La Administración Nacional de la Seguridad Social (ANSES) ha emitido una alerta en marzo de 2025 sobre nuevas estafas telefónicas dirigidas a jubilados y pensionados. El organismo sostiene que no solicita información personal, contraseñas ni datos bancarios a través de llamadas telefónicas, correos electrónicos o mensajes de texto. Estas modalidades engañosas ponen en riesgo a una población vulnerable y requiere atención urgente. La advertencia se da en un contexto donde las estafas en línea y por teléfono están en aumento en todo el país.
Durante las últimas semanas, los jubilados han reportado recibir llamadas de personas que se hacen pasar por empleados de ANSES. Estos estafadores utilizan tácticas sofisticadas para generar confianza, incluso mencionando datos personales que han obtenido de fuentes no autorizadas.

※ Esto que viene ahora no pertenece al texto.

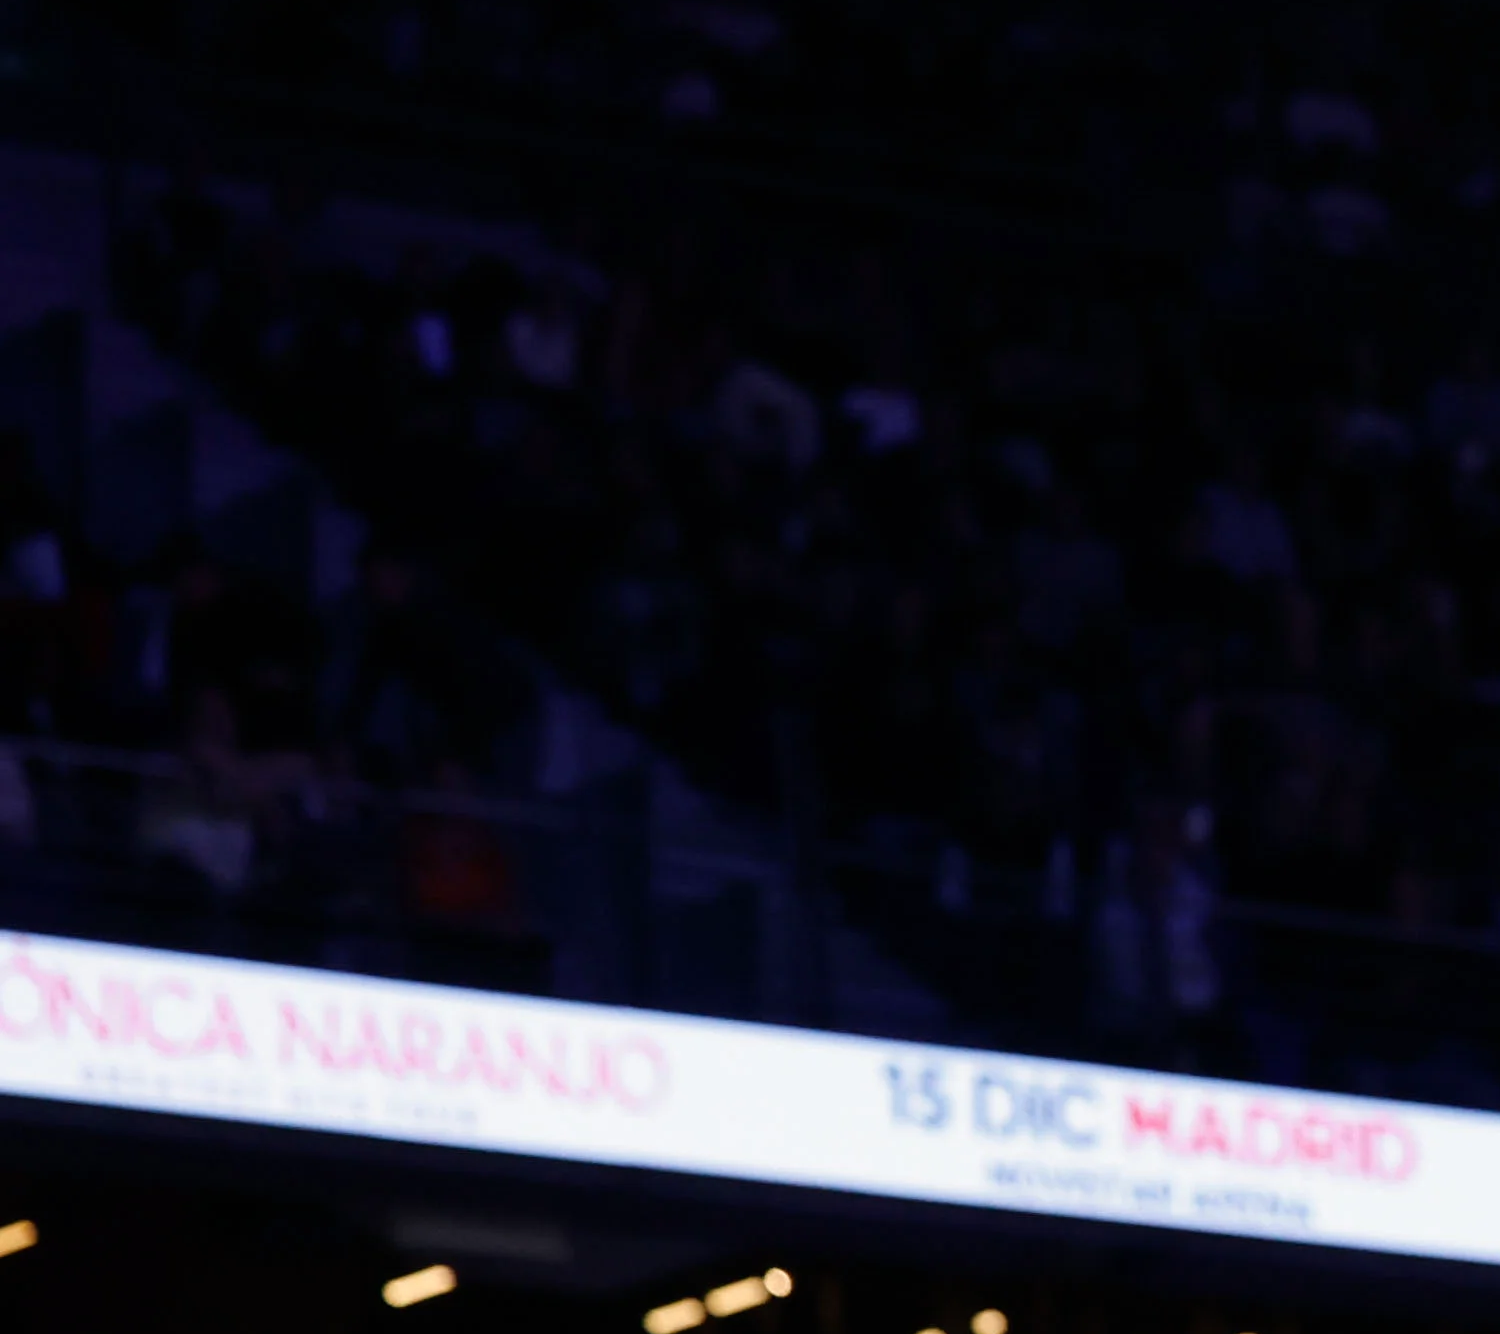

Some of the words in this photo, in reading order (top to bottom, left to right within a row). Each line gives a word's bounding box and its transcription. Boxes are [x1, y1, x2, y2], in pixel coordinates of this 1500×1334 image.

Al intentar obtener información sensible, como números de cuenta o contraseñas, persiguen el objetivo de despojar a sus víctimas de sus ahorros. Es fundamental que los ciudadanos, especialmente los más mayores, sean conscientes de estas tácticas engañosas.
Consejos para protegerse de las estafas
ANSES recuerda a los jubilados que deben extremar las precauciones al atender llamadas de números desconocidos. Se aconseja nunca compartir información personal, ni mucho menos realizar operaciones bancarias que no hayan sido solicitadas directamente por ellos. Un método recomendable es colgar y comunicarse directamente con ANSES a través de sus canales oficiales para corroborar la veracidad de la llamada. La prevención es clave y la información puede ser una herramienta poderosa para evitar caer en estas trampas.
Desde la llegada de la pandemia, ha habido un aumento notable en las estafas telefónicas y digitales, con un crecimiento del 70% en estos delitos, según datos de diferentes organizaciones de consumidores. Este contexto de inseguridad se ve amplificado en adultos mayores, quienes suelen ser más vulnerables ante las tácticas manipulativas de los estafadores. Las estafas no solo impactan a nivel económico, sino que también afectan psicológicamente a las víctimas, generando inseguridad y desconfianza en los sistemas de asistencia social.
Este fenómeno no es nuevo en el país, pero ha tomado un cariz alarmante en el último tiempo. Las estafas telefónicas han existido durante años, sin embargo, el avance tecnológico ha facilitado que los delincuentes se adapten y evolucionen en sus métodos. Por eso, el rol de ANSES es vital al informar y educar a los jubilados sobre cómo protegerse. La responsabilidad recae sobre todos; desde las instituciones hasta los propios ciudadanos, fomentar una cultura de denuncia y apoyo mutuo es esencial para minimizar el riesgo de delito.